Northern Ireland

Protocol and Irish Sea border are key issues in DUP campaign

Gavin Robinson’s party believes there is ‘more work to do’ in its bid to remove the Irish Sea border

DUP Leader Gavin Robinson during the party manifesto launch at Harland & Wolff Welders Football Club Stadium in East Belfast.
PICTURE COLM LENAGHAN
DUP leader Gavin Robinson. PICTURE: COLM LENAGHAN

The DUP has pledged to send a strong message to the next British government about “fully restoring Northern Ireland place within the United Kingdom”.

The party’s manifesto, launched in Belfast on Monday, says it wants the application of EU law in the north removed, alongside the “Irish Sea border it creates”.

The DUP is standing in all but two of the north’s 18 constituencies and defending eight seats. It is supporting independent unionist candidate Alex Easton in North Down and the Ulster Unionists’ Diana Armstrong in Fermanagh-South Tyrone.

The 48-page ‘Speaking Up For Northern Ireland’ manifesto also includes commitments to push for a new regional fiscal framework, drive down health service waiting lists and abolish the TV licence fee.

The document begins with the DUP’s ‘record on delivering’, including sections on its promotion of the union, helping secure various City Deals, and the rollout of high-speed broadband, paid for with funds secured under the 2017 confidence and supply deal with the Tories

Almost five months after the party agreed to restore the Stormont institutions on the basis of concessions around the protocol it claimed to have secured from the British government, the DUP argues “there is still more to do”.

DUP Leader Gavin Robinson during the party manifesto launch at Harland & Wolff Welders Football Club Stadium in East Belfast.
PICTURE COLM LENAGHAN
DUP peers William McCrea and Nigel Dodds at the DUP's manifesto launch. PICTURE: COLM LENAGHAN

The manifesto says that “on balance” the party judged it was right to return to Stormont in the interests of “seeing local decisions being made for the benefit of all our citizens”.

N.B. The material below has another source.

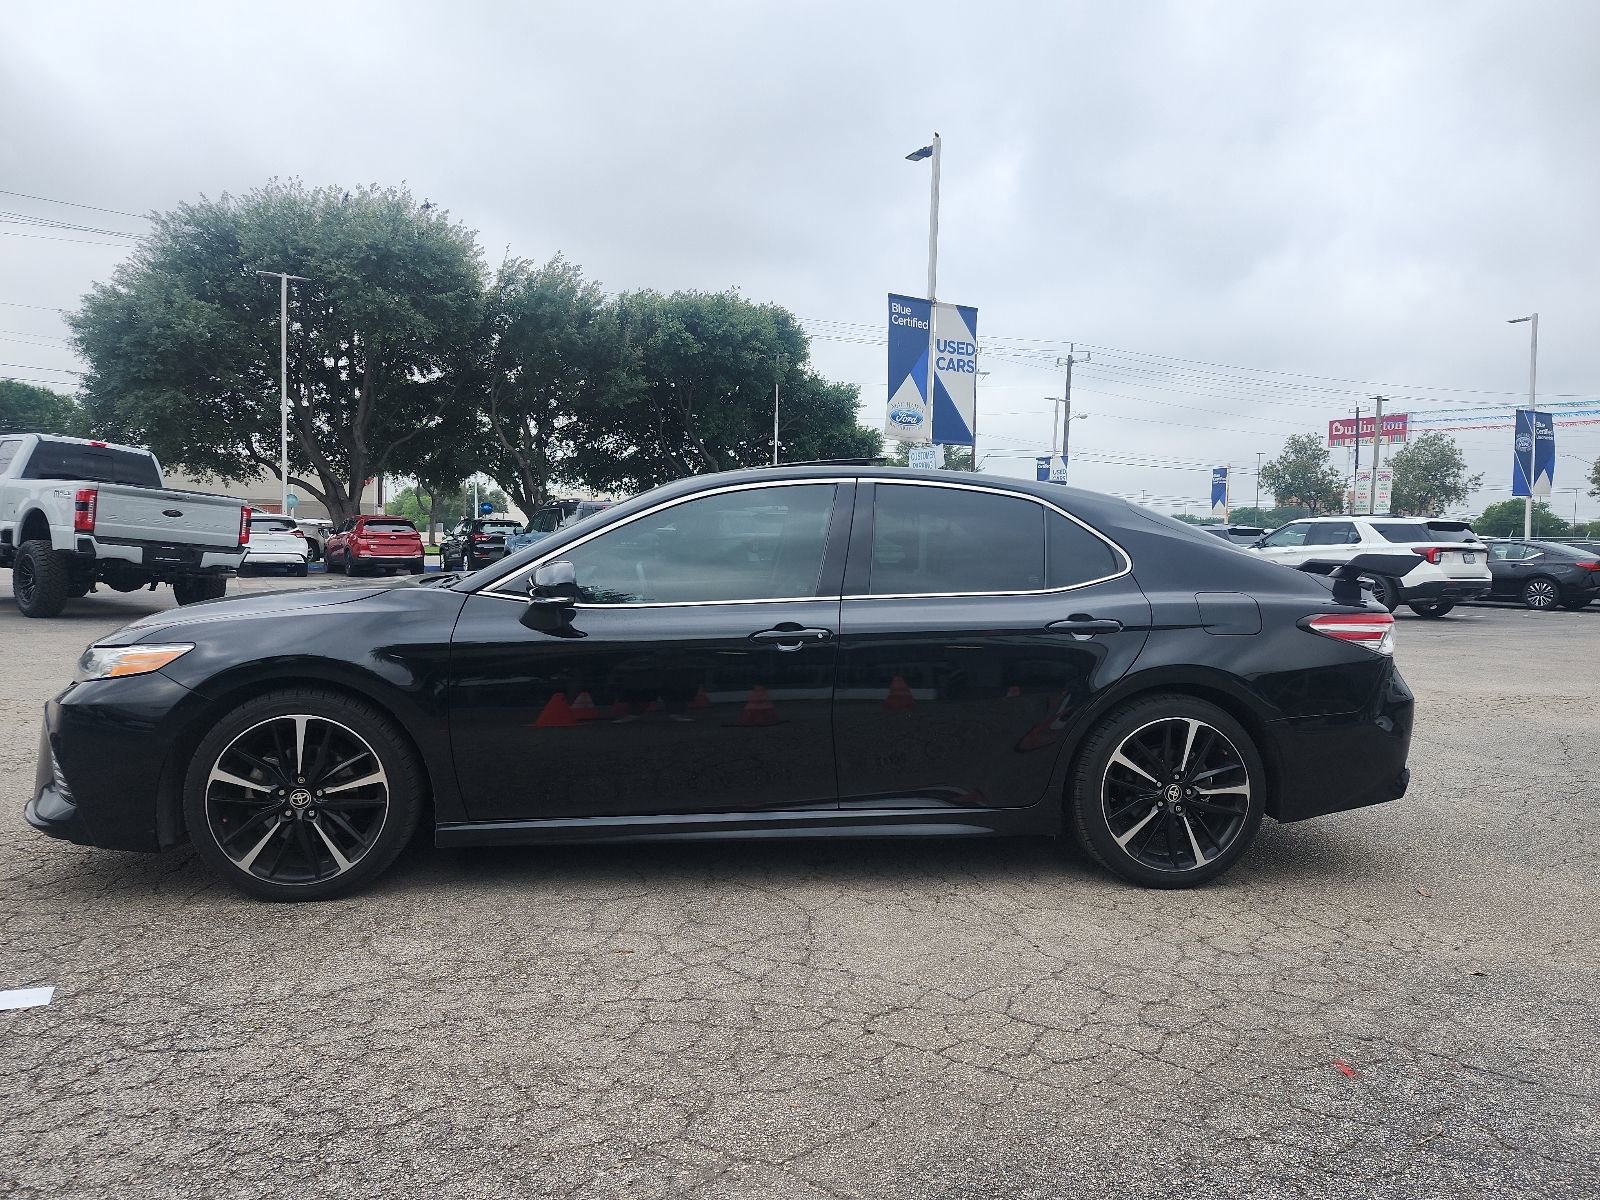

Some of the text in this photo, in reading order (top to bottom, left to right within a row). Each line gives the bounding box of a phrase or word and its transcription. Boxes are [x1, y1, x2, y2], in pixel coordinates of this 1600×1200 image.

“We returned on the basis of the roadmap set out in the government’s command paper,” it says.

“That paper did not secure all of our negotiating objectives and did not remedy a number of the long-term problems born out of the protocol. It did however contain some important gains which were worthy of banking.”

The elements of the deal the party is keen to be associated with include the establishment of the East-West Council and Intertrade UK, an independent monitoring panel to provide oversight of the new arrangements, and the continued supply of veterinary medicines.



“Our clear message going forward is that we are campaigning to send a strong message to a new government, whether Labour or Conservative, that building on the progress to date, we will continue to fight to fully restore Northern Ireland’s place within the United Kingdom, including removing the application of EU law in our country and the internal Irish Sea border it creates,” the manifesto states.

DUP leader Gavin Robinson, who succeeded Sir Jeffrey Donaldson in April when the latter was charged with historic sexual offences, told the manifesto launch that Labour under Sir Keir Starmer was standing on a “pro-union ticket”.

“The messages that you’ve heard from Hilary Benn as shadow secretary of state and Keir Starmer himself, who knows Northern Ireland, is not to upset the delicate balance that we have,” he said.

“I don’t have any strong concerns on that, but the DUP will love many, trust few, and always paddle our own canoe.”

Other policy proposals tabled include a smaller House of Lords with the majority of members elected and an end to Westminster expenses and allowances for abstentionist Sinn Féin.

Mr Robinson said he wanted the DUP to send its strongest team to Westminster.

“As we enter the closing stages of this election we are campaigning for every vote and seeking a mandate to send the strongest team to Westminster,” he said.